Comprendre les atmosphères des exoplanètes est essentiel pour déchiffrer les processus physiques et chimiques qui s'y déroulent. Les modèles atmosphériques en une dimension (1D) ont longtemps été la norme, mais avec les récentes avancées des modèles de circulation générale en trois dimensions (3D) et des méthodes de transfert radiatif 3D, il devient possible de comparer ces approches de manière quantitative. Grâce à la précision et à la capacité d'observation du télescope spatial James Webb (JWST), il est désormais faisable d'examiner comment ces modèles diffèrent réellement lors des observations. Un étudiant s'est penché sur les variations spectrales générées par des modèles 1D et 3D, en évaluant le temps d'observation ou le nombre de transits de JWST nécessaires pour éviter toute ambiguïté.

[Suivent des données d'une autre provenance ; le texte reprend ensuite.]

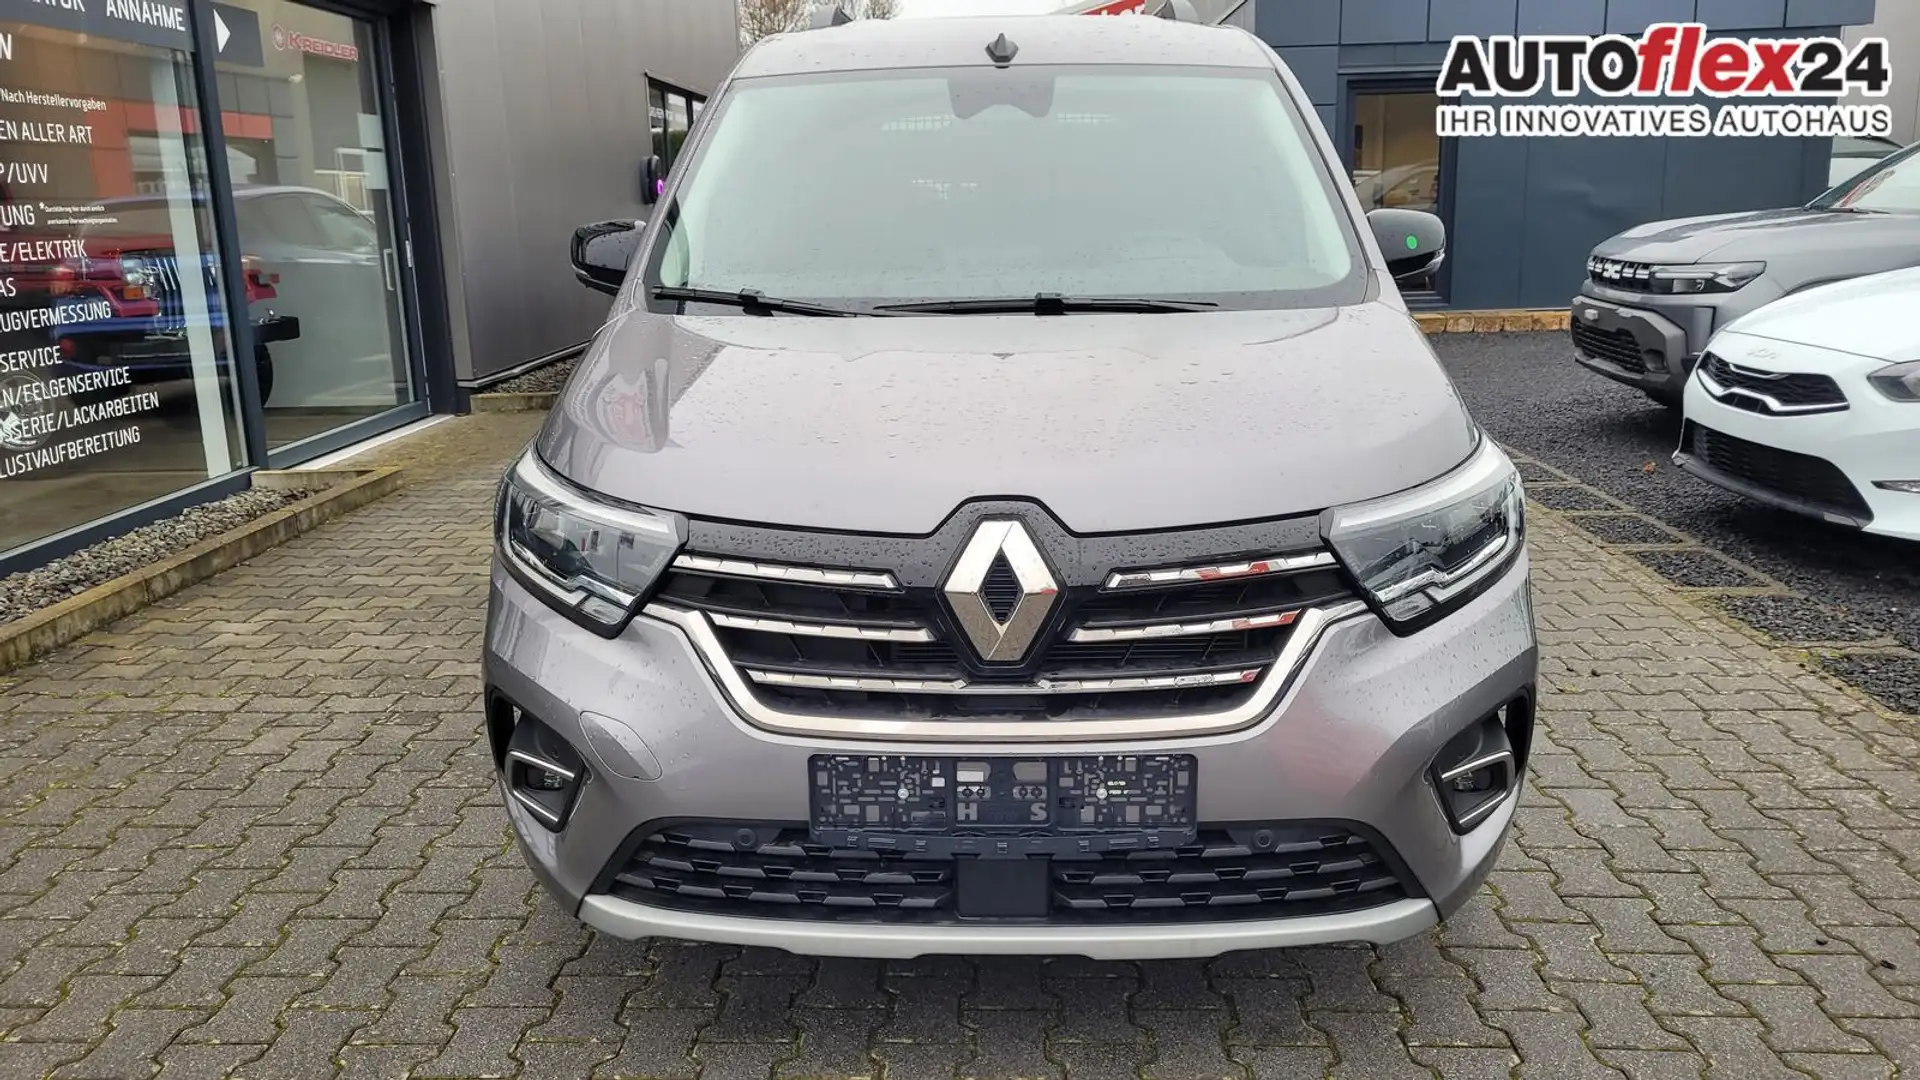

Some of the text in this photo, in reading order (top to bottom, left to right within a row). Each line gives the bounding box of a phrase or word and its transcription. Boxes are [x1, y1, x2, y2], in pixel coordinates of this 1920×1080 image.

[106, 0, 186, 31] ANNAHME
[288, 30, 359, 62] KREIDLER
[26, 90, 107, 112] Herstellervorgaben
[22, 122, 66, 143] ALLER
[69, 124, 93, 144] ART
[0, 204, 35, 226] UNG
[0, 301, 112, 333] UGVERMESSUNG
[0, 345, 63, 373] SERVICE

Dans le cadre de cette étude, l'exoplanète HD 189733b a été choisie comme étude de cas, et plusieurs simulations ont été réalisées. D'une part, des modèles 1D avec un transfert radiatif en 1D ont été testés, et d'autre part, des modèles de circulation générale 3D ont été couplés avec à la fois des méthodes de transfert radiatif en 1D et en 3D. L'une des limites de cette recherche réside dans le fait que les profils température-pression (T-P) dérivés des modèles 3D ne couvrent que les zones de haute pression. Les simulations ont examiné des chimies en équilibre et en déséquilibre, mettant en évidence des différences spectrales significatives. En général, les modèles 3D ont montré des caractéristiques spectrales plus faibles par rapport aux modèles 1D.

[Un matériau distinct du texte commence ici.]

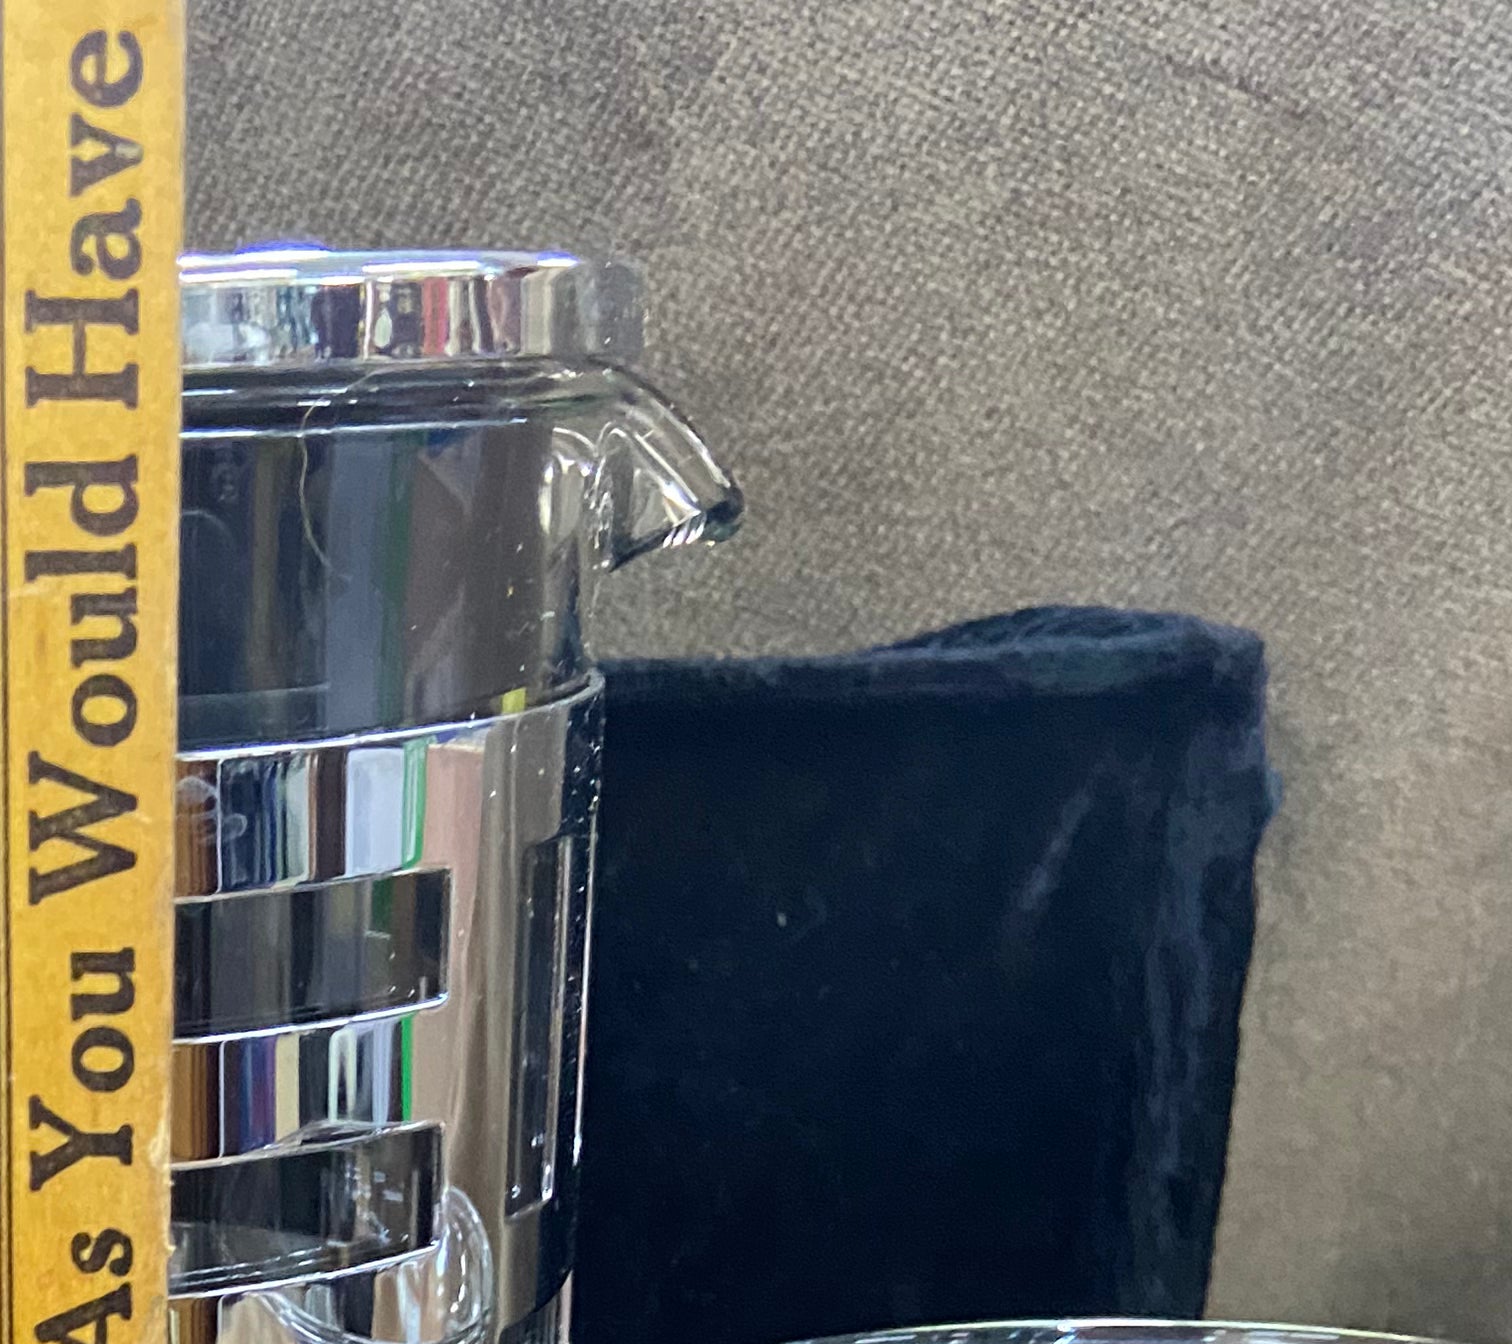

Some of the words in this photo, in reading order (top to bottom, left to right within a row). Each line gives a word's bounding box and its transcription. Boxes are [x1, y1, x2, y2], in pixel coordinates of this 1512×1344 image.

[24, 29, 144, 409] Have
[23, 453, 139, 906] Would
[29, 945, 136, 1193] You

L'utilisation d'un simulateur de bruit JWST a permis de calculer le rapport signal-bruit (SNR) nécessaire pour détecter ces différences. Pour les spectres de transmission, le SNR variait entre 2,04 et 7,68 en équilibre et entre 1,66 et 7,04 en déséquilibre. Pour les spectres d'émission, les valeurs étaient encore plus marquées, allant de 5,90 à 34,52 et de 7,11 à 36,93 respectivement. En étendant l'atmosphère à des pressions plus basses à l'aide d'un profil T-P isotherme, l'étude a révélé des variations dépendant de la longueur d'onde dans les spectres et les SNR. Ces résultats démontrent que le JWST est capable de distinguer les spectres des modèles 1D des modèles 3D pour des caractéristiques moléculaires majeures, soulignant ainsi l'importance de la modélisation 3D dans l'interprétation des atmosphères exoplanétaires. Ainsi, cette recherche ouvre de nouvelles perspectives sur l'étude des atmosphères de planètes situées en dehors de notre système solaire, en offrant des outils pour mieux appréhender leur composition et leurs dynamiques.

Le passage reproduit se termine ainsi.